* EXERCISE AIM *
Copy the entries below verbatim, omitting any pictures they contain.
-=-=-=-=-
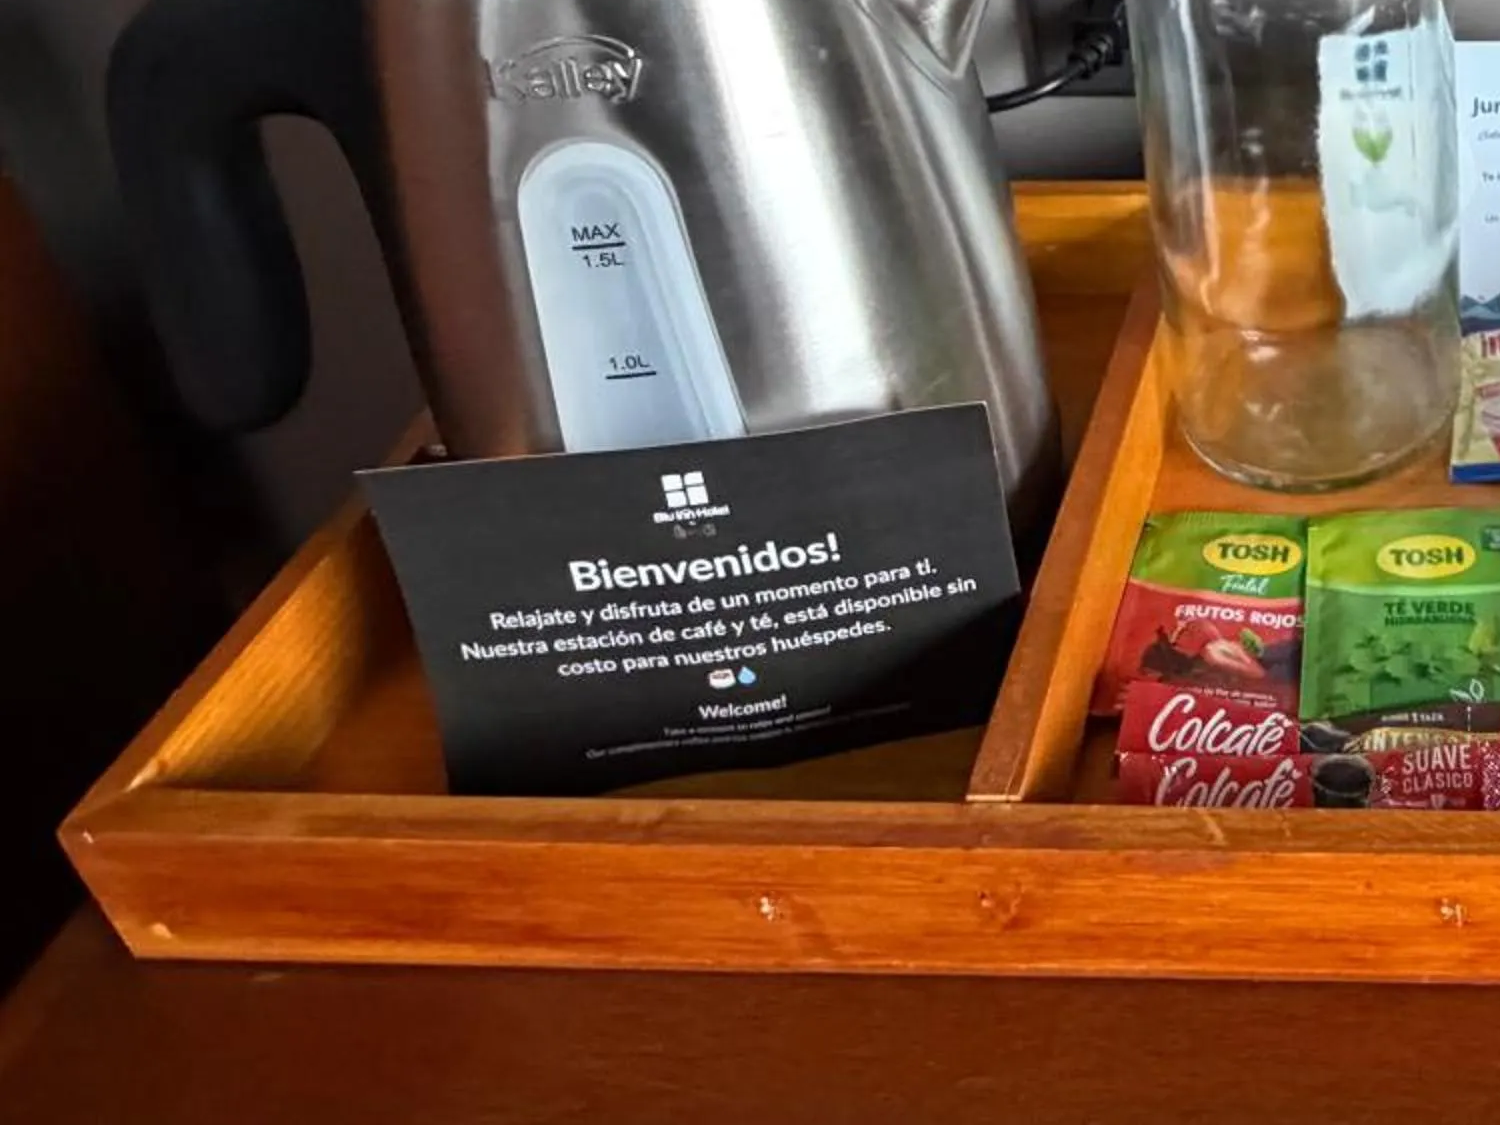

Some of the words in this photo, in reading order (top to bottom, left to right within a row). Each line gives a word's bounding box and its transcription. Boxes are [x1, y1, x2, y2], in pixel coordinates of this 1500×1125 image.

[484, 56, 643, 105] Kalley
[571, 223, 622, 242] MAX
[582, 252, 625, 268] 1.5L
[608, 354, 651, 371] 1.0L
[568, 532, 842, 592] Bienvenidos!
[1217, 542, 1291, 564] TOSH
[1389, 546, 1465, 566] TOSH
[489, 607, 578, 631] Relajate
[581, 607, 595, 627] y
[599, 599, 683, 622] disfruta
[687, 595, 717, 613] de
[721, 592, 750, 612] un
[755, 575, 859, 605] momento
[863, 564, 911, 590] para
[915, 558, 938, 576] ti.
[1411, 600, 1476, 617] VERDE
[460, 639, 549, 660] Nuestra
[553, 629, 644, 653] estación
[648, 626, 677, 645] de
[681, 620, 727, 642] café
[731, 620, 745, 637] y
[749, 613, 779, 632] té,
[784, 603, 829, 625] está
[833, 584, 943, 618] disponible
[947, 576, 978, 596] sin
[1174, 604, 1246, 622] FRUTOS
[557, 659, 617, 677] costo
[621, 655, 670, 674] para
[674, 638, 768, 667] nuestros
[770, 618, 893, 654] huéspedes.
[697, 693, 788, 721] Welcome!
[1147, 692, 1293, 757] Colcafé
[1402, 744, 1472, 775] SUAVE
-=-=-=-=-
* EXERCISE OUTPUT *
Some of the words in this photo, in reading order (top to bottom, left to right within a row). Each line gives a word's bounding box and its transcription. Boxes are [x1, y1, x2, y2], in pixel coordinates of this 1500×1125 image.

[484, 56, 643, 105] Kalley
[571, 223, 622, 242] MAX
[582, 252, 625, 268] 1.5L
[608, 354, 651, 371] 1.0L
[568, 532, 842, 592] Bienvenidos!
[1217, 542, 1291, 564] TOSH
[1389, 546, 1465, 566] TOSH
[489, 607, 578, 631] Relajate
[581, 607, 595, 627] y
[599, 599, 683, 622] disfruta
[687, 595, 717, 613] de
[721, 592, 750, 612] un
[755, 575, 859, 605] momento
[863, 564, 911, 590] para
[915, 558, 938, 576] ti.
[1411, 600, 1476, 617] VERDE
[460, 639, 549, 660] Nuestra
[553, 629, 644, 653] estación
[648, 626, 677, 645] de
[681, 620, 727, 642] café
[731, 620, 745, 637] y
[749, 613, 779, 632] té,
[784, 603, 829, 625] está
[833, 584, 943, 618] disponible
[947, 576, 978, 596] sin
[1174, 604, 1246, 622] FRUTOS
[557, 659, 617, 677] costo
[621, 655, 670, 674] para
[674, 638, 768, 667] nuestros
[770, 618, 893, 654] huéspedes.
[697, 693, 788, 721] Welcome!
[1147, 692, 1293, 757] Colcafé
[1402, 744, 1472, 775] SUAVE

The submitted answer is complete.